NGOs refuse to confirm their ‘agent’ status’ Not a single organization has registered as a “foreign agent” in the past year

Kremlin and St. Basil's

(Russia Beyond the Headlines – rbth.ru – Marina Obrazkova, RBTH – July 15, 2013) The Russian Prosecutor General’s Office has conducted a large-scale inspection of nongovernmental organizations (NGOs) and discovered that more than 1,800 had received financing from abroad in the last year.

A law requiring NGOs involved in political activity and receiving money from abroad to register as foreign agents was adopted in Russia one year ago, but not a single organization has registered as a ‘foreign agent’ since then.

According to law enforcement agencies, 2,226 Russian NGOs received 30.8 billion rubles (around $940 million) from abroad between November 2012 and April 2013.

Of these, 358 were state-sponsored organizations receiving 6.6 billion rubles ($200 million), while the remaining 1,868 NGOs received 24.2 billion rubles ($740 million) in foreign funding. None of these organizations registered as a “foreign agent,” even though they continued operations.

A total of 103 nongovernmental organizations were “waiting it out,” having suspended either political activities or the receipt of foreign funds.

Nevertheless, prosecutors claim that “signs of political activity” while continuing to receive foreign financing (more than 6 billion rubles) between 2010 and 2013 were detected at 215 out of the 1,000 NGOs inspected.

Twenty-two organizations fall directly under the scope of the law on foreign agents, though they have not admitted to it, Kommersant reported.

Prosecutor General Yuri Chaika said in a testimony before the Federation Council that those NGOs “were taking part in electoral processes, public events, and the drafting of bills, while thoroughly reporting their expenditures to their sponsors.”

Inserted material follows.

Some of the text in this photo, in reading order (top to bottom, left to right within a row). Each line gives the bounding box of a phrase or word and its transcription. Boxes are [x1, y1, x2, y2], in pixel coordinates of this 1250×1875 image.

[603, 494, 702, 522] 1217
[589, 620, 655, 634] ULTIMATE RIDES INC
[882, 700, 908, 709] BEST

“In violation of the 1969 Vienna Convention, seventeen organizations involved in political activity were directly financed by the embassies of the United States, Britain, Belgium, the Netherlands and Switzerland, which, according to the Ministry of Foreign Affairs, represents an interference in our country’s internal affairs and violates the generally accepted rules of international law,” said Chaika.

Prosecutors have not disclosed the names of the NGOs accused of violating the rules. However, NGOs decided to compensate for the lack of such information and started a website called Closed Society, where they publish specific accusations leveled at them by law enforcement agencies.

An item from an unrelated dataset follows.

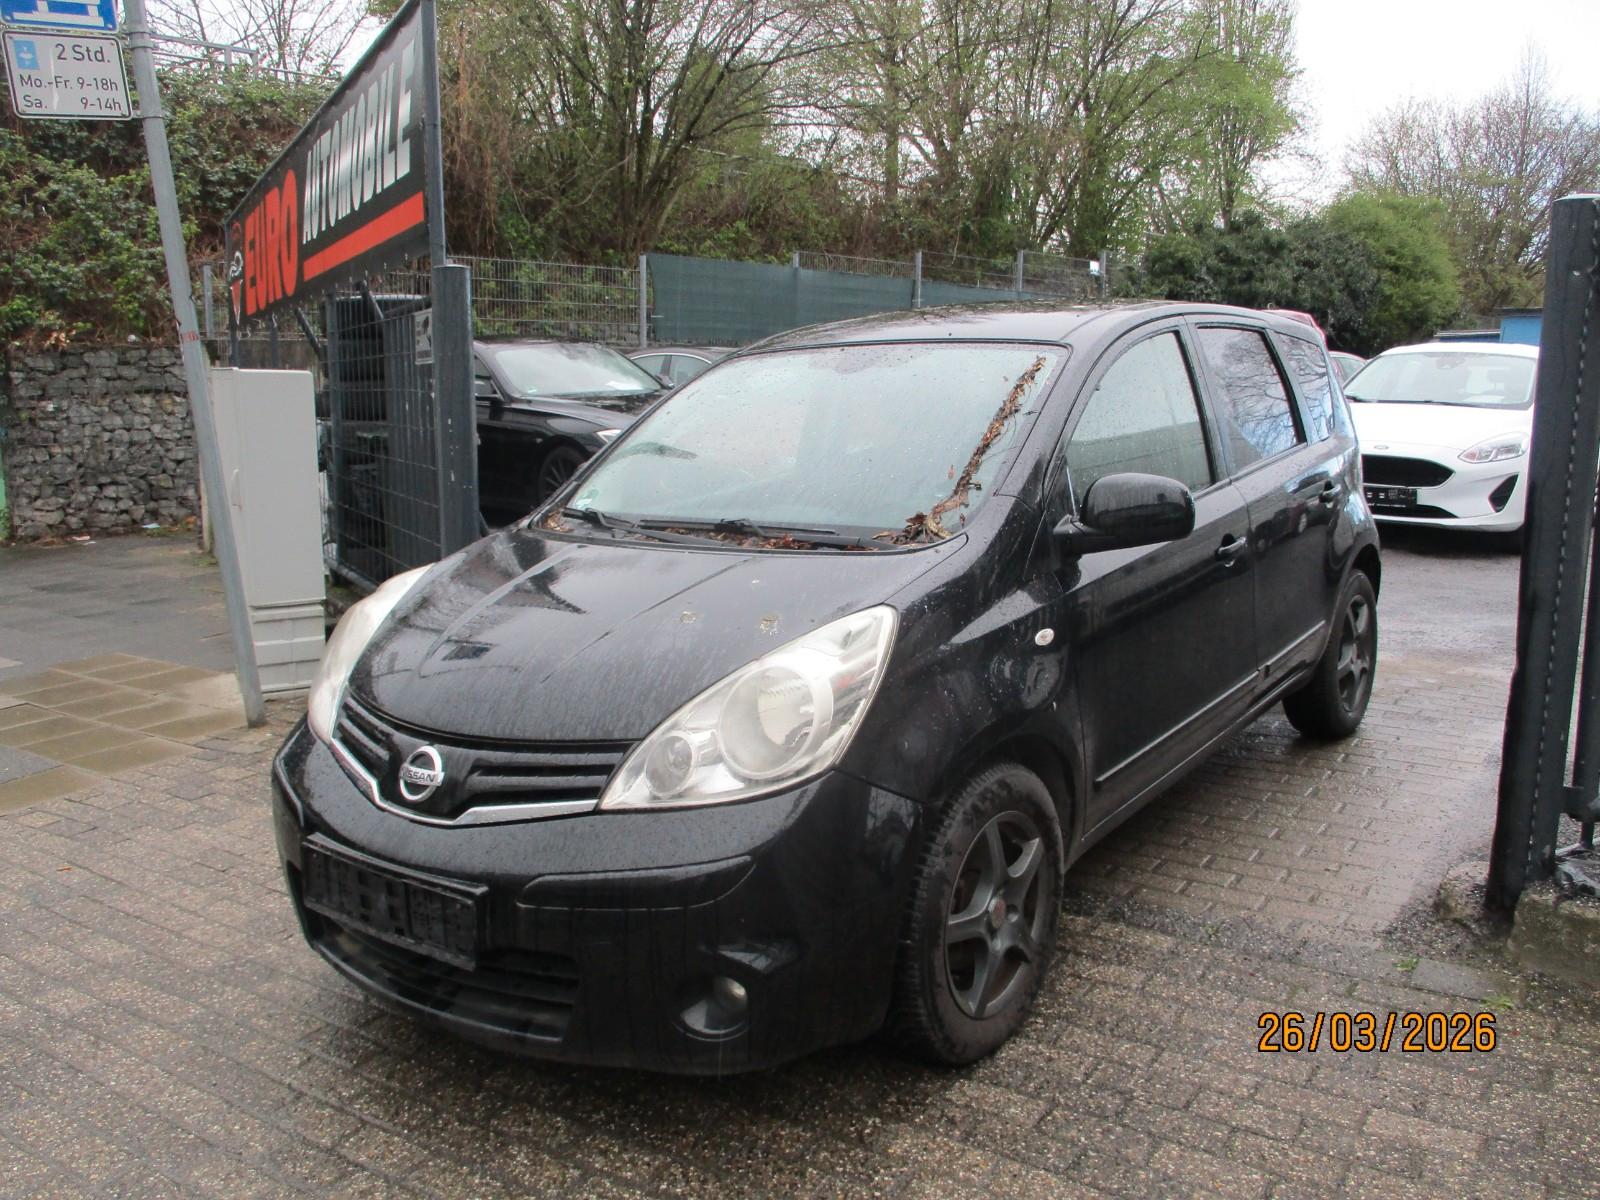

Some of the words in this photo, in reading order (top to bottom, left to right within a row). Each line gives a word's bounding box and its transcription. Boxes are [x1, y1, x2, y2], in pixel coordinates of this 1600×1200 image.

According to Alexander Cherkasov, chairman of the Memorial Human Rights Center, he tried to identify NGOs that were receiving the money Chaika had mentioned, but failed.

“We figured that our organization received $755,000 during the four months between the enactment of this law and the moment the prosecutor’s sensational statements were first aired. We are one of the biggest organizations, and very few others have a budget comparable to ours,” the human rights activist said.

“If we divided the billion dollars Chaika is talking about by this amount, we would expect to see a lot of such organizations. They are all open organizations and have nowhere to hide the money. We have even asked the Prosecutor General’s Office to tell us on whose accounts they discovered all this money, but they replied by saying that it was classified information,” said Cherkasov.

He noted that NGOs did not wish to admit that they were foreign agents. “An agent is someone who acts on orders from others, who carries out instructions issued by a principal. In this case, they are all autonomous organizations that have no relation whatsoever to any government missions,” Cherkasov said.

Prosecutors raided Memorial in late March and seized more than 9,000 pages of documents for examination.

The human rights activists pointed out that law enforcement agencies were asking them to stop activities related to political prisoners, because the Russian Criminal Code does not provide for any punishment based on political views.

The expert community has also raised many questions about the Prosecutor General’s report. According to Yelena Topoleva-Soldunova, chairperson of the NGO Development Committee of the Presidential Council on Human Rights, prosecutors provide contradictory information on NGO inspections from time to time.

“I have been working in this area for many years, and I don’t understand why information about the money coming from embassies is spun in a negative way. Missions around the world have always conducted legal public activities. NGOs never made a secret of their ties to foreign embassies and never suspected they were in violation of any laws by accepting such financing. I am sure that hundreds of organizations received money this way,” she said.

Topoleva added that inspections of thousands of organizations are fostering a negative attitude in society toward all NGOs. “They have a hard time recruiting supporters, donors and volunteers as it is ­ and now there’s this blow to their reputation.

NGOs are not a well-established phenomenon in Russia; we have fewer organizations than the United States or Germany, and they are not as powerful. They have yet to earn stable recognition from society,” the NGO Development Committee chairperson said.

Statistics bear out the expert’s opinion. According to a poll by the Levada Center opinion research service, Russian people’s views of NGOs have worsened during the past year: While only 13 percent had a negative opinion of NGO activities just a year ago, now 19 percent of Russians are unhappy about them.

Exactly 50 percent of respondents had a positive opinion of NGOs ­ the same as a year ago. At the same time, the number of people who support tougher NGO laws and the requirement for foreign funding recipients to register as foreign agents has increased, from 45 percent a year ago to 49 percent now.